Эди потупила взгляд своих огромных глаз-блюдец, обрамленных прямыми волосами. Бодрая, веселая, прямолинейная Марси говорит «привет» и «как дела», пожалуй, слишком дружелюбно — видимо, ей льстит интерес Каллена, хоть и косвенный. У Молли настороженный вид. Мало того, она подходит к машине, наклоняется и нюхает воздух. Потом еще раз. Гидеон заглядывает ей в вырез. На ней белый лифчик. Интересно, увеличивающий грудь? Не разобрать.

— Молли, привет, — говорит он. И что дальше? Как провела выходные? Как жизнь? Что новенького? Он прикидывает варианты, но Молли заговаривает сама.

— У вас вся машина травой провоняла, — говорит она. На долю секунды Гида переполняет гордость. Да, он такой, неотразимый нарушитель закона. Хотя ничто в тоне Молли не предполагает, что на нее это произвело впечатление. А на девчонок нужно произвести впечатление, чтобы они согласились лечь с тобой в постель, но нельзя слишком стараться это сделать. Каллен и Николас хихикают. Но не слишком громко. Они ничего не отрицают, но и не признают. Гид думает, что, наверное, нужно тоже рассмеяться, и уже хочет начать, когда видит примерно в ста метрах направляющуюся к ним фигуру. Фигура высокая, и у нее серьезная, взрослая походка.

Марси замечает фигуру одновременно с ними.

— О господи! — ахает она, приглаживает светлые волосы ладонью и, хватая Эди за ремешок ее вездесущего портфеля с книжками, смывается вместе с ней.

— Великолепно, — говорит Николас и, прищурившись, смотрит на тропинку. Они все смотрят в этом направлении. Кто-то идет к ним, и этот кто-то здоровяк.

— О черт, — шепчет Каллен, — это же Яйцеголовый!

Капитан все еще далеко, но когда он поднимает руку, показывая, что хочет с ними поговорить, они все это замечают.
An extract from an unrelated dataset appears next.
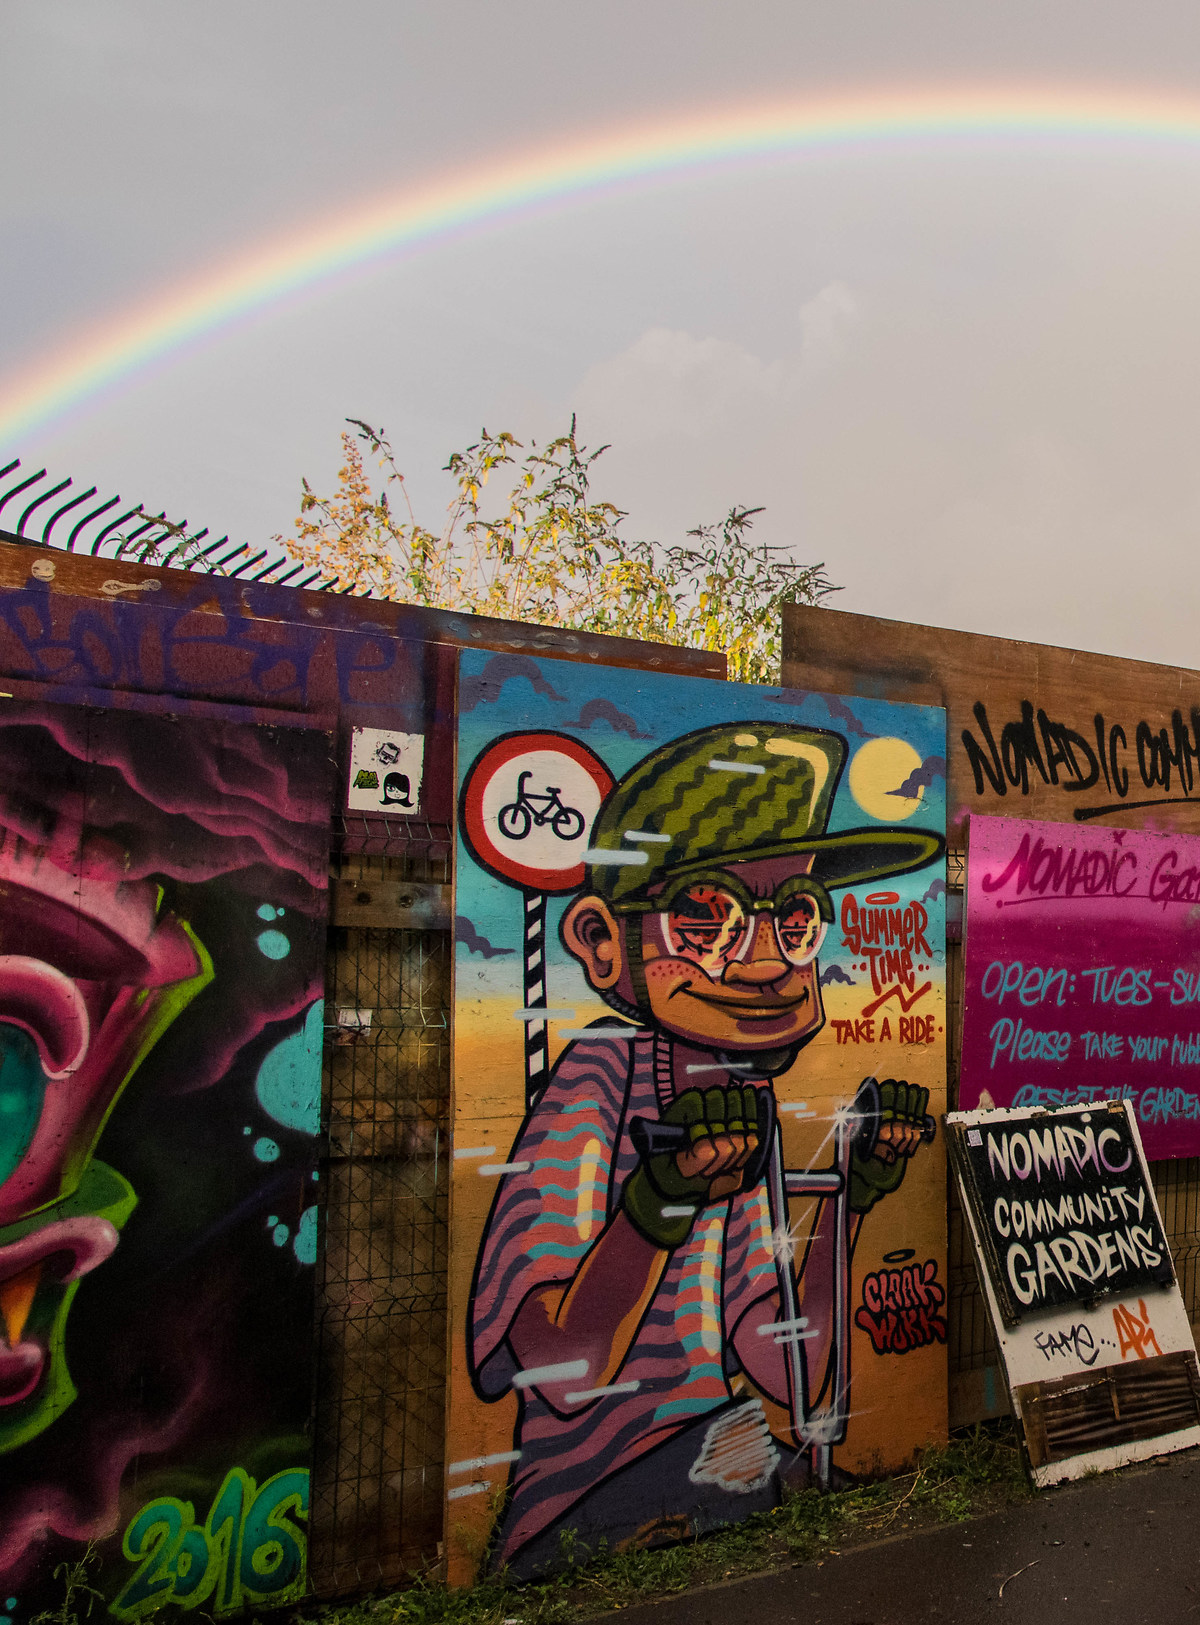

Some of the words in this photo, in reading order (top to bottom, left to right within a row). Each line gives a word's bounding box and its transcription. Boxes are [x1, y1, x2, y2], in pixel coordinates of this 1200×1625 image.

Теперь просто так не уехать… И он поймет, что что-то не так. Поймет, что они курили травку.

— У вас в машине воняет, — деловито повторяет Молли. — Я не удивилась бы, если он унюхал это аж оттуда. Хотя вряд ли он способен сложить два и два и заподозрить таких милых ребят, как вы… — Ее улыбка полна сарказма. Но, когда она поворачивается к Гиду, ее лицо смягчается, и на нем появляется тревога. Может, испуг в его глазах задел ее за живое? А может, у нее вдруг случился приступ альтруизма или настигло одно из тех странных чувств, которые появляются вроде бы ниоткуда, когда ты хочешь, чтобы в следующий момент в твоей жизни случилось что-то действительно волнующее?

— Давайте ее мне, — шепчет Молли, — быстрее! Гид расстегивает карман. Запах становится сильнее:

он такой мощный, что, кажется, обладает весом и текстурой. И как они раньше его не чувствовали?
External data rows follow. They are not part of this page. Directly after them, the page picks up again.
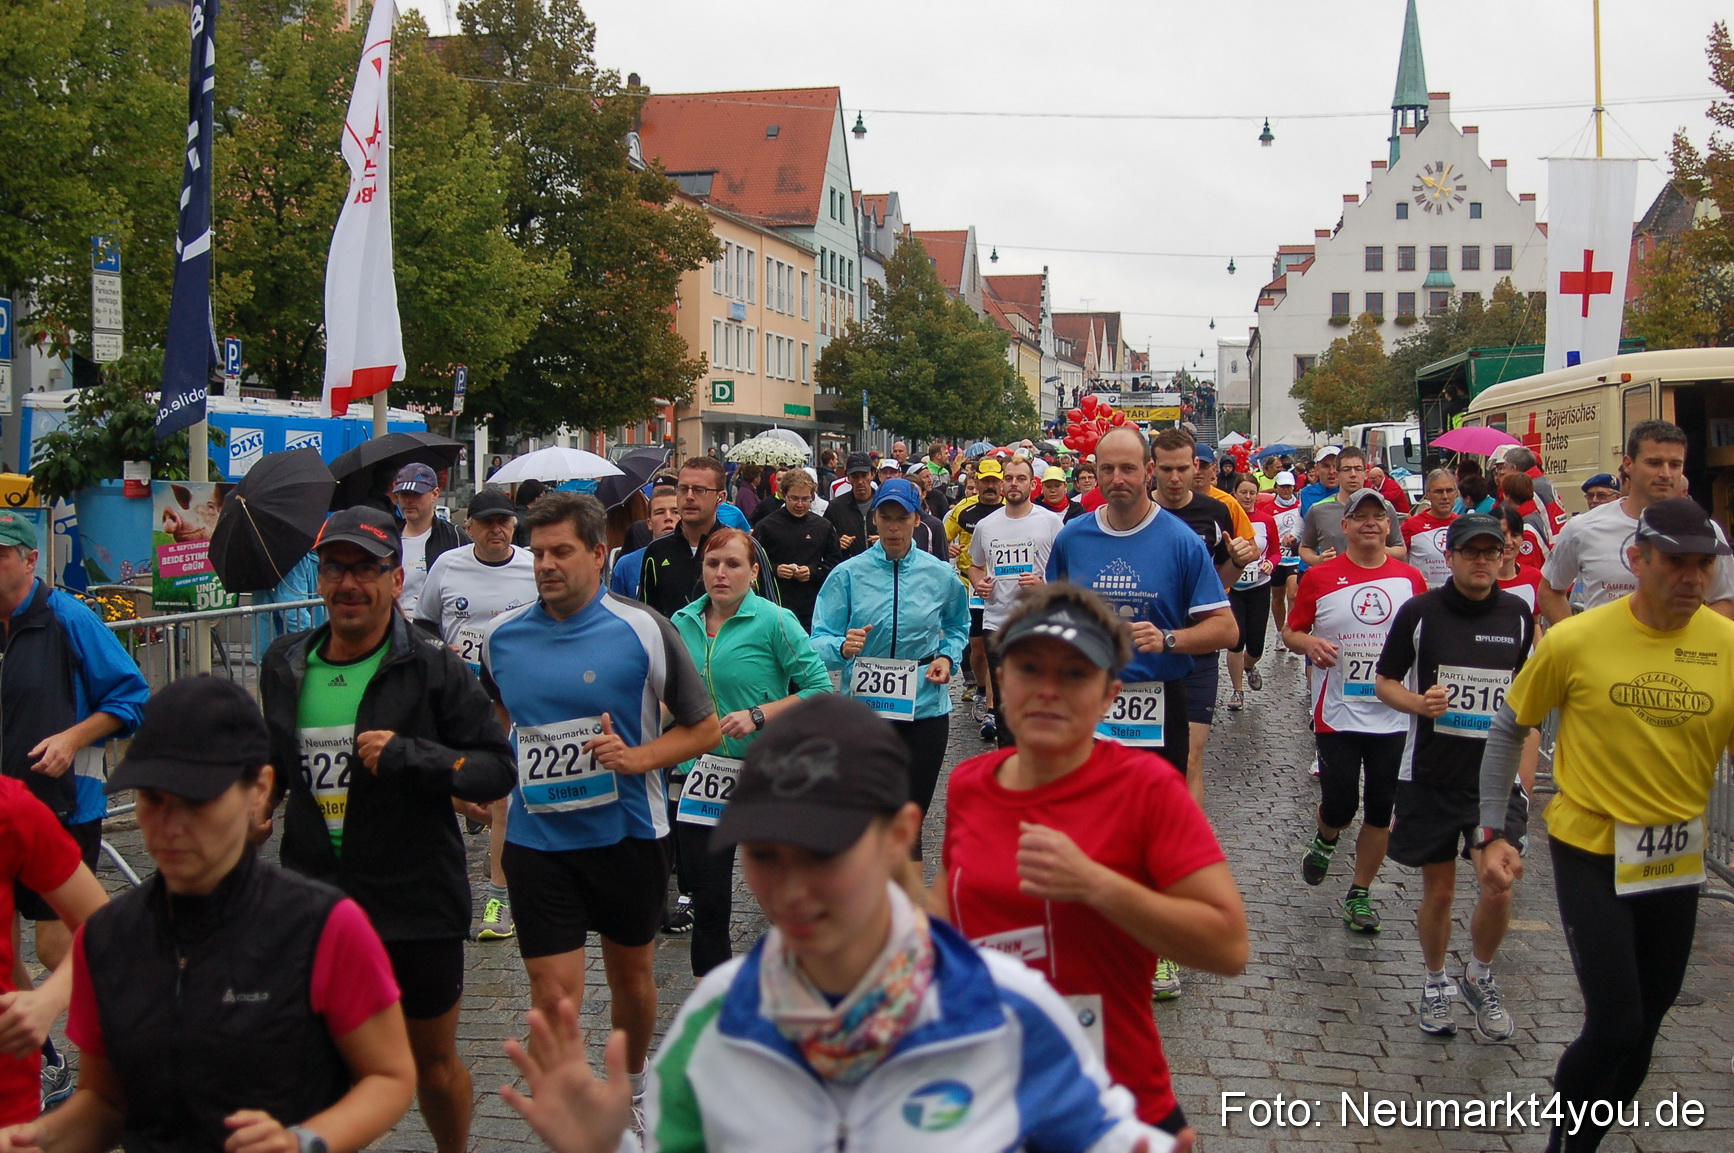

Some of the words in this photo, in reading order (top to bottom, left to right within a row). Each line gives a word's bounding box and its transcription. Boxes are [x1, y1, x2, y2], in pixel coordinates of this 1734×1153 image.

[228, 343, 238, 371] P
[715, 383, 731, 400] D
[1546, 402, 1597, 431] Bayerisches
[1545, 432, 1569, 452] Rotes
[1544, 456, 1568, 475] Kreuz
[161, 554, 184, 565] BEIDE
[185, 551, 209, 562] STIM
[995, 547, 1029, 565] 2111
[182, 561, 205, 572] GRÜN
[196, 583, 217, 593] UND
[1128, 590, 1159, 599] Stadtlauf
[1481, 635, 1515, 644] PFLEIDERER
[856, 671, 908, 696] 2361
[1440, 671, 1465, 681] PARTL
[1467, 674, 1502, 683] Neumarkt
[1634, 674, 1689, 693] PIZZERIA
[866, 699, 895, 710] Sabine
[1446, 683, 1505, 712] 2516
[1623, 686, 1701, 711] FRANCESCO
[1104, 695, 1158, 721] 362
[544, 727, 590, 742] Neumarkt
[1110, 725, 1141, 737] Stefan
[304, 737, 353, 748] Neumarkt
[526, 740, 598, 780] 2227
[547, 784, 588, 801] Stefan
[688, 770, 737, 800] 262
[319, 801, 345, 816] eter
[700, 804, 724, 817] Ann
[1636, 821, 1689, 858] 446
[1643, 863, 1675, 878] Bruno
[988, 941, 1023, 954] EHN
— Скорее, — повторяет Молли, — пока он меня не увидел.

Но не успевает он протянуть ей пакет, как Молли сама тянет руку в машину и выхватывает его с немалой силой. От рывка она спотыкается и делает несколько шагов назад, но потом разворачивается и бежит в неосвещенную часть двора.

Сердце Гида бьется в груди и глотке. В животе щекочет. Он едва различает ноги Молли, когда она изо всех сил бежит в тень школьного здания на верхушке холма. Мистер Кавано наверняка тоже что-то видел. Он продолжает шагать к машине, ускорив ход, но при этом посматривает в том направлении, будто не уверен, кого преследовать. Он подходит к окну и жестом приказывает опустить его.

— А мы можем не послушаться? — спрашивает Гид. — Как же наши права?

Николас закатывает глаза и заправляет рубашку в брюки.

— Тупица, — говорит он, — это же школа. У нас нет прав.